The role of the epithelial cell immune modulation in the activation of systemic anti-tumour immune responses: Implications for Immunotherapy.
Peter Lawrence Smith has recently joined the ICVI as a postdoctoral research fellow. Peter studied for a PhD in innate and adaptive immunology at Queen Mary University of London and has previous postdoctoral experience working on vaccines for cancer and infectious disease. Peter’s interests include studying methods to improve anti-cancer vaccination, modulation of the immune response, the immunotherapeutic effects of chemotherapy and how to counter the tumour’s immune inhibitory properties.
Peter’s research for the ICVI is focused on three related areas. Effective immunotherapy requires the activation of important white blood cells called dendritic cells. These cells are capable of engulfing dying tumour cells and presenting the fragments to ‘killer’ T-cells which enables them to target tumour cells for destruction. Unfortunately the dendritic cells often fail to reach the tumour or are switched off in the tumour microenvironment. Part of Peter’s research involves investigating how to prime dendritic cells to improve their function and treating the tumour so that it attracts activated dendritic cells.
A related research project involves studying how the intestinal immune response regulates anti-tumour immunity. Recent studies have shown that the intestinal microbiome, the bacteria in our gut, have profound effects on the effectiveness of both immunotherapy and chemotherapy through modulating intestinal immunity. Currently it is unknown how the microbiome performs this role or how the mechanisms involved might be harnessed to improve cancer treatment. Peter is interested in manipulating the immune response in the intestine by stimulating intestinal epithelial cells which are known to play an important role in intestinal immunity. It is thought that modulating the signals the immune system receives from the intestinal epithelial cells will promote a systemic immune response capable of enhancing tumour immunotherapy. These desirable immune responses are probably mediated through the activation of both dendritic cells and T-cells.
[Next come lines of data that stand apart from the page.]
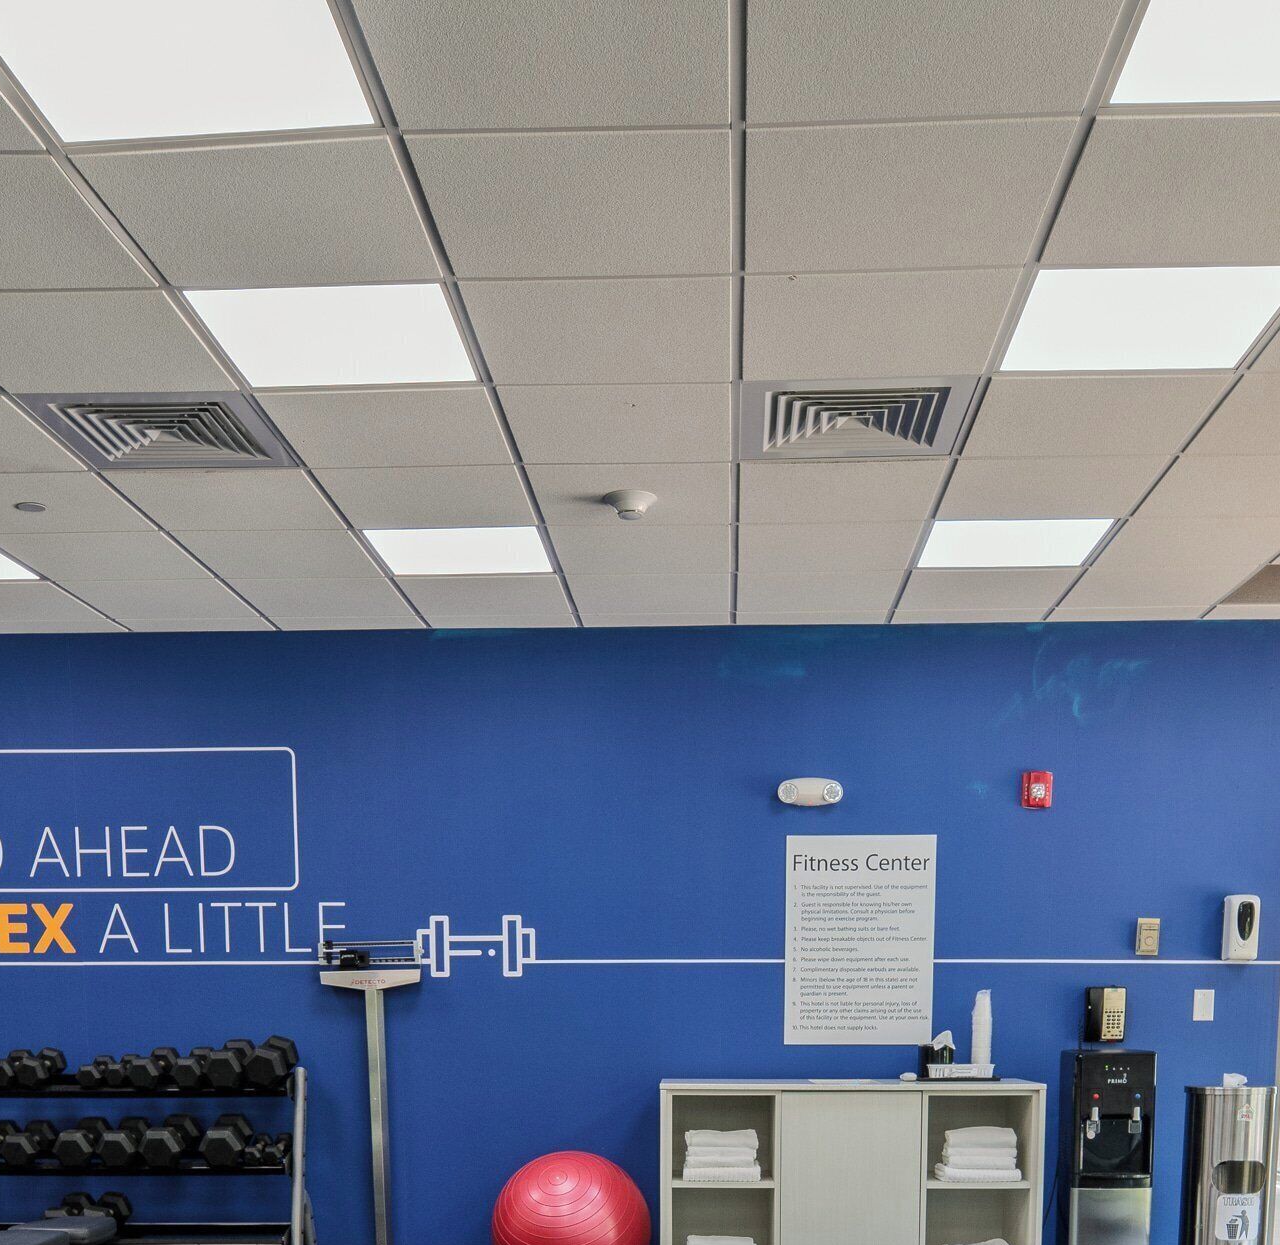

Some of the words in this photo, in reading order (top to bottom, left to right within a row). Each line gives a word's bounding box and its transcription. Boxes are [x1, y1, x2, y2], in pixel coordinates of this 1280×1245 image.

[29, 825, 236, 878] AHEAD
[793, 854, 859, 871] Fitness
[866, 853, 930, 871] Center
[812, 883, 829, 891] facility
[899, 883, 928, 891] equipment
[815, 890, 849, 898] responsibility
[822, 901, 851, 909] responsible
[859, 901, 882, 909] knowing
[800, 908, 822, 916] physical
[874, 908, 898, 916] physician
[800, 915, 827, 923] beginning
[98, 902, 139, 954] A
[164, 902, 346, 953] LITTLE
[837, 925, 857, 933] bathing
[817, 935, 830, 943] keep
[856, 935, 875, 943] objects
[817, 955, 830, 963] wipe
[845, 955, 874, 963] equipment
[800, 965, 839, 974] Complimentary
[839, 965, 866, 974] disposable
[799, 983, 826, 991] permitted
[841, 983, 870, 991] equipment
[891, 983, 908, 991] parent
[799, 990, 822, 998] guardian
[862, 1000, 885, 1008] personal
[870, 1007, 887, 1015] arising
[816, 1014, 832, 1022] facility
[846, 1024, 864, 1032] supply
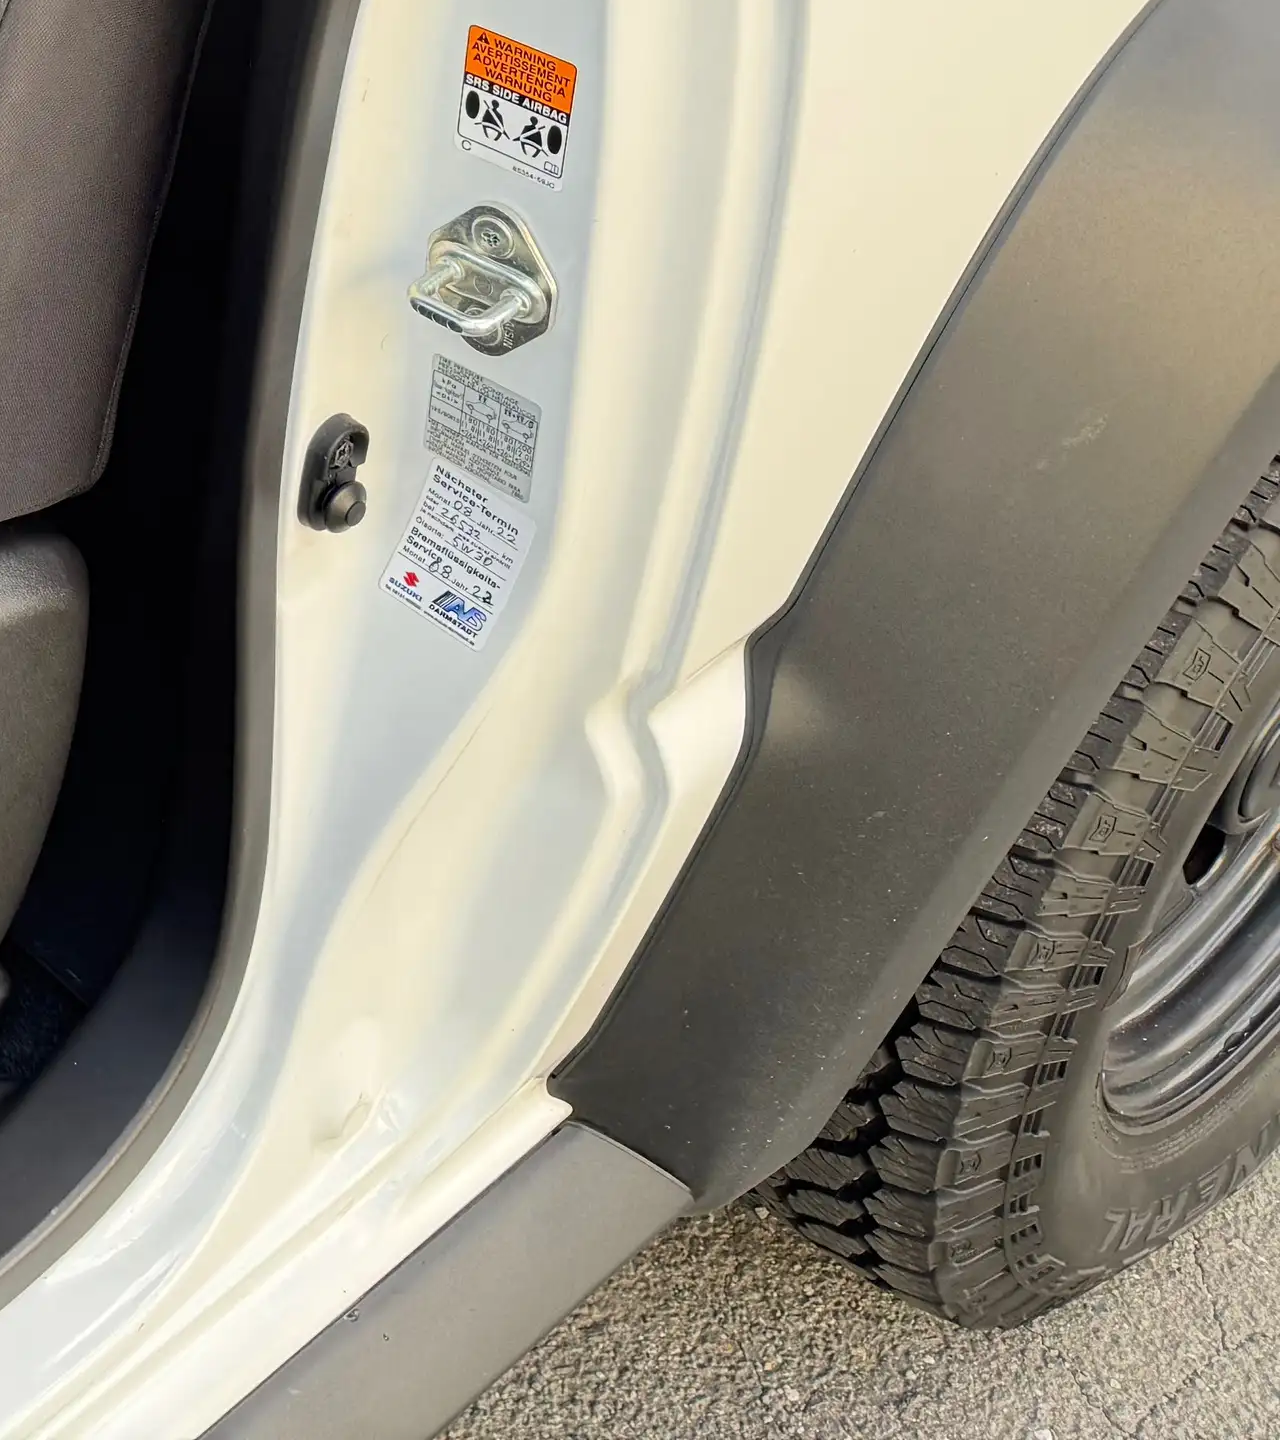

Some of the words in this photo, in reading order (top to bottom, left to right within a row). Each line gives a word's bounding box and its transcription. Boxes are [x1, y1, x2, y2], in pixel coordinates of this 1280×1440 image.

In addition to these pre-clinical studies Peter is involved in studying the effectiveness of a novel cancer immunotherapy called IMM-101. IMM-101 is a mycobacterial adjuvant thought to be capable of priming anti-tumour immunity. IMM-101 is being studied in a phase Iia trial in combination with an established immunotherapy called ‘checkpoint inhibition’. Checkpoint inhibition is currently a first line therapy for metastatic Melanoma and works by stopping the tumour from switching off T-cells. However this therapy is not successful in all patients. We hypothesize that the addition of IMM-101 can increase the effectiveness of checkpoint inhibition by the general activation of anti-tumour immunity, probably mediated through the activation of dendritic cells.
Through the activation of dendritic cells, either by mycobacterial stimulation or modulation of intestinal epithelial cells, and by improving the immunogenicity of tumours whilst preventing the tumour from switching off T-cell responses with the use of checkpoint inhibition Peter hopes to improve tumour immunotherapy.